One aspect of the control device for a tow vehicle according to the present invention is a swing state detection means for detecting a swing state generated in the tow vehicle based on the traveling state of the tow vehicle in the tow vehicle towing the towed vehicle. A swing suppression control execution determination means for determining execution of control for suppressing the swing based on the detected swing state of the tow vehicle, and an actuator when it is determined to execute the control for suppressing the swing And a swing suppression control execution means for executing control to suppress the swing, and when the control to suppress the swing is performed, a large amount of driving force distribution between the front and rear axes is corrected to move forward. Front / rear driving force distribution control means for controlling the driving force distribution between the front and rear shafts by reducing the driving force moved from the front shaft to the rear shaft as the swinging torque of the towing vehicle increases. And with.

  According to the control device for a tow vehicle according to the present invention, the driving force distribution control between the front and rear shafts of the four-wheel drive vehicle and the swing suppression control in the towing traveling are appropriately coordinated to stabilize the optimal swing suppression effect. Can be obtained.

It is explanatory drawing of the tow vehicle which pulls the towed vehicle which concerns on one Embodiment of this invention. It is explanatory drawing which shows schematic structure of the whole tow vehicle which concerns on one Embodiment of this invention. It is a functional block diagram of a control unit concerning one embodiment of the present invention. It is a flowchart of the rocking | swiveling state detection process which concerns on one Embodiment of this invention. It is a flowchart of the rocking | fluctuation prevention control determination process which concerns on one Embodiment of this invention. It is a flowchart of the transfer clutch torque calculation process which concerns on one Embodiment of this invention. FIG. 6 is a characteristic diagram of a vehicle speed sensitive gain according to an embodiment of the present invention. It is a characteristic view of the front-rear distribution ratio of the braking force according to the embodiment of the present invention. It is a characteristic view of the rocking | fluctuation correction gain which concerns on one Embodiment of this invention. It is explanatory drawing of the front-back direction which acts on the tire which slides along with the drive and braking which concern on one Embodiment of this invention, and lateral force, FIG.10 (a) is a front wheel when increasing front-back force. FIG. 10B shows the rear wheel side when the longitudinal force is reduced.

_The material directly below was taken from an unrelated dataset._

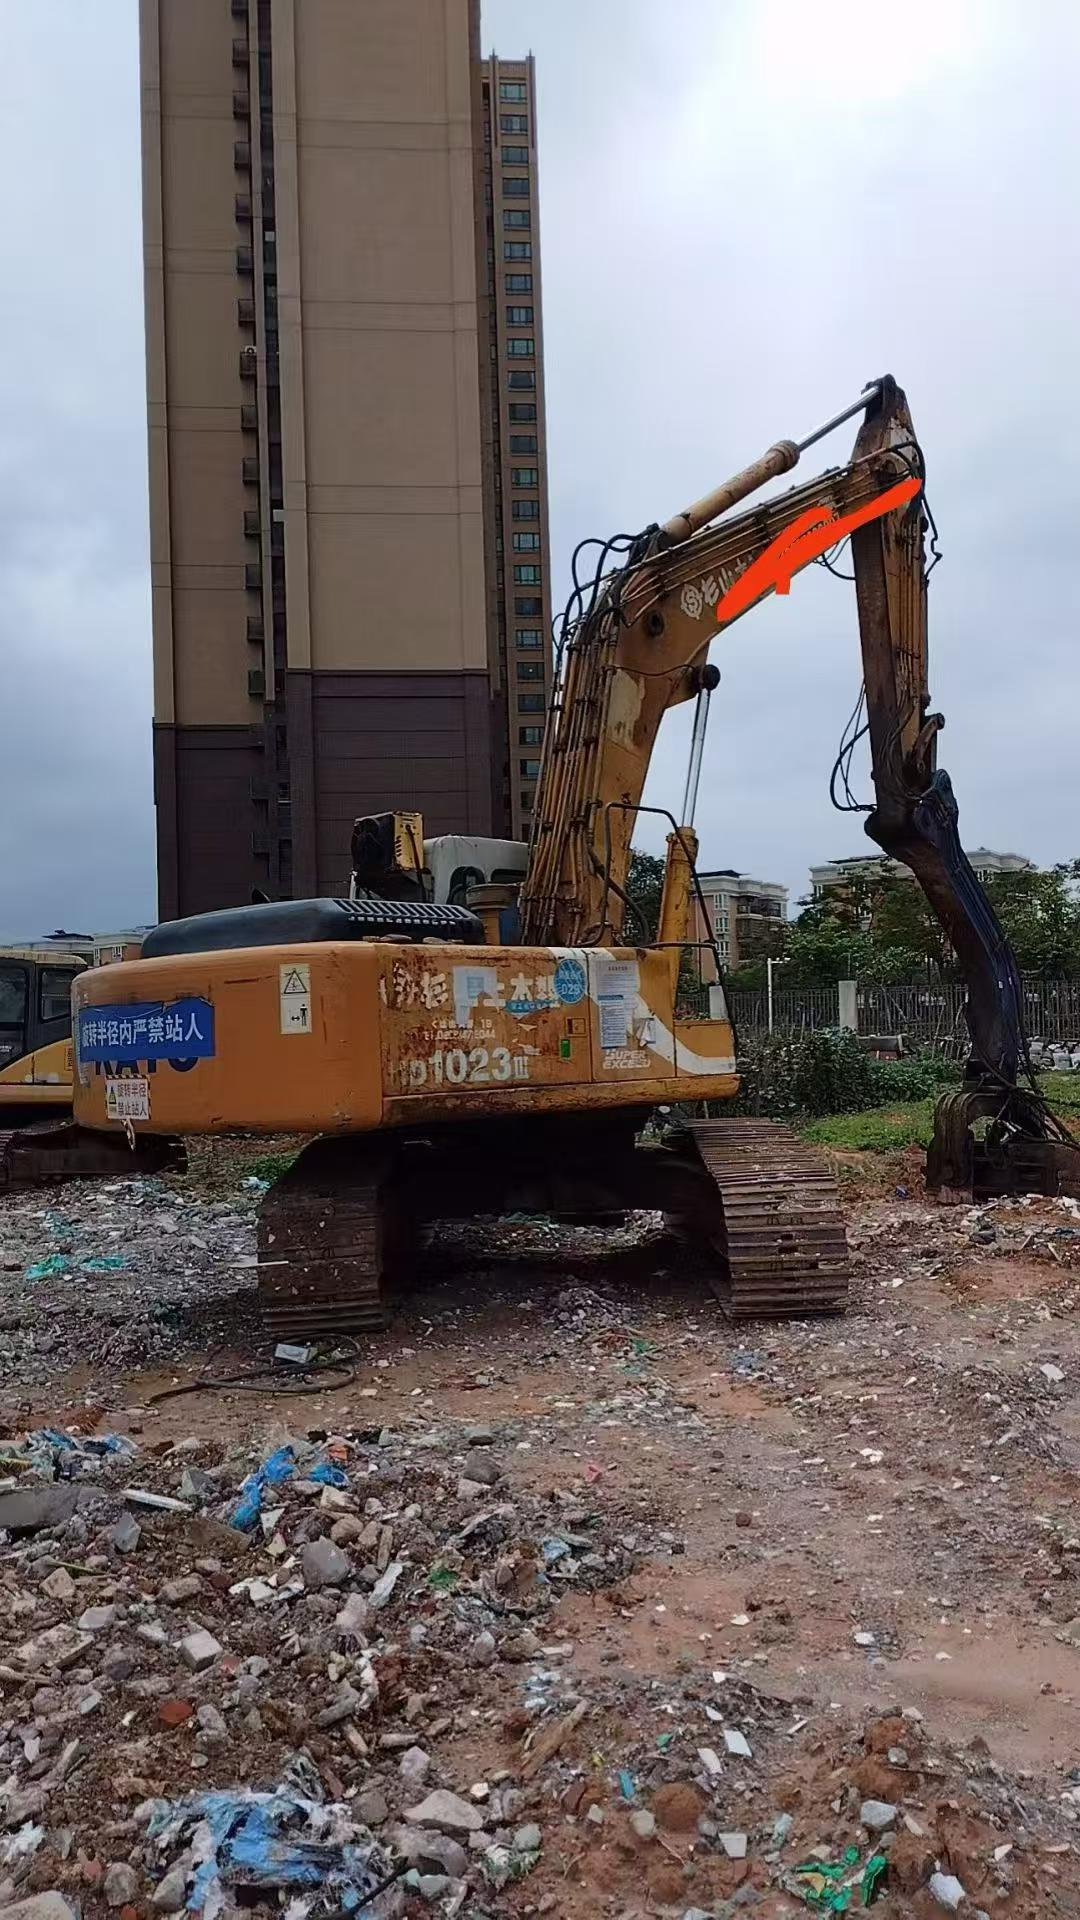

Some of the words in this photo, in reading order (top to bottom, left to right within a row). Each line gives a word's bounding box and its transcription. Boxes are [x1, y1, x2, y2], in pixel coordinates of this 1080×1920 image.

Hereinafter, embodiments of the present invention will be described with reference to the drawings.
In FIG. 1, reference numeral 100 denotes a tow vehicle (own vehicle) that pulls a towed vehicle 200 such as a camping trailer or a travel trailer. The towed vehicle 100 and the towed vehicle 200 are connected by a coupler 150. The front end portion of the coupler 150 is connected to the connecting portion 100a at the rear portion of the towed vehicle 100, and the rear end portion of the connector 150 is connected to the connecting portion 200a at the front portion of the towed vehicle 200.

  As shown in FIG. 2, in the towing vehicle 100, the driving force of the engine 1 is transmitted to the transfer 3 from an automatic transmission device (including a torque converter and the like) 2 behind the engine 1 via a transmission output shaft 2 a.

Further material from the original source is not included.